**Task goal:** Exact reproduction of all the data is required, with pictures excluded.

─── Working data

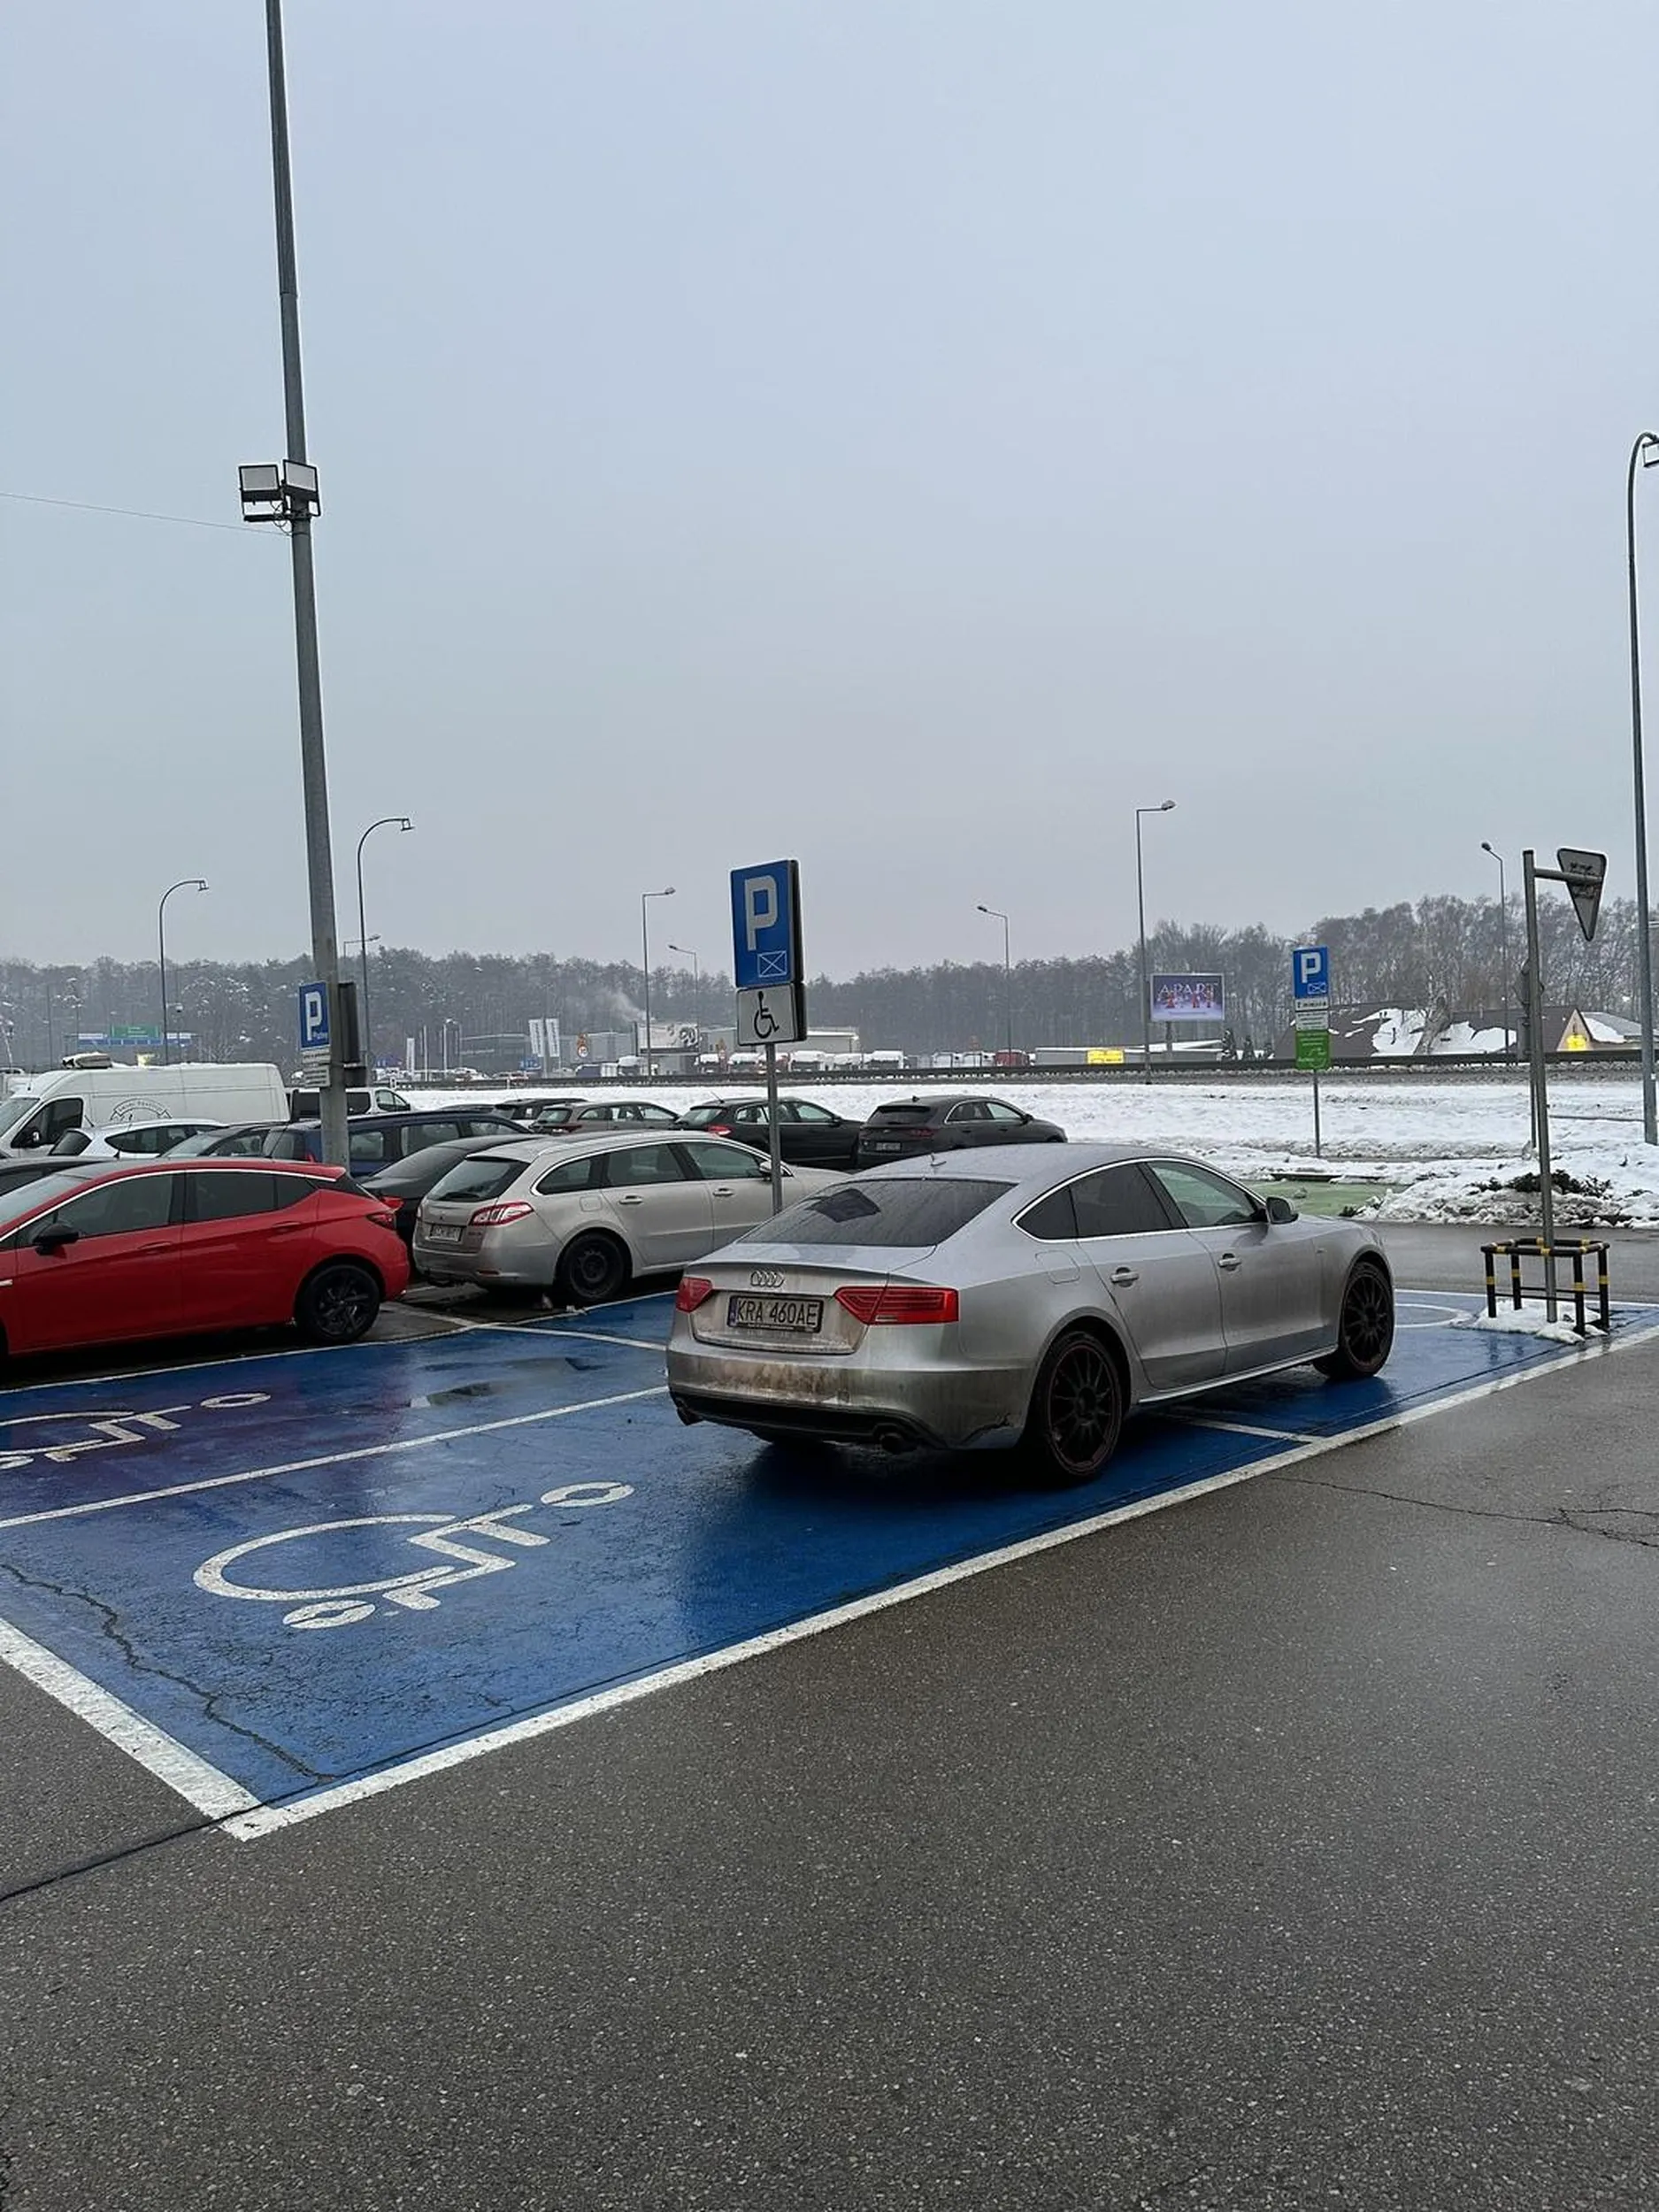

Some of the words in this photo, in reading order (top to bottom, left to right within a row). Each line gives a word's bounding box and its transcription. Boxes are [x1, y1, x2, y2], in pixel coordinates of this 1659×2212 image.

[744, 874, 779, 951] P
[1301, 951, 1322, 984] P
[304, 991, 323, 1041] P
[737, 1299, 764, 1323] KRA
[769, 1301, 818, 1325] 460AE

──────

**Written response:**
Some of the words in this photo, in reading order (top to bottom, left to right within a row). Each line gives a word's bounding box and its transcription. Boxes are [x1, y1, x2, y2], in pixel coordinates of this 1659×2212 image.

[744, 874, 779, 951] P
[1301, 951, 1322, 984] P
[304, 991, 323, 1041] P
[737, 1299, 764, 1323] KRA
[769, 1301, 818, 1325] 460AE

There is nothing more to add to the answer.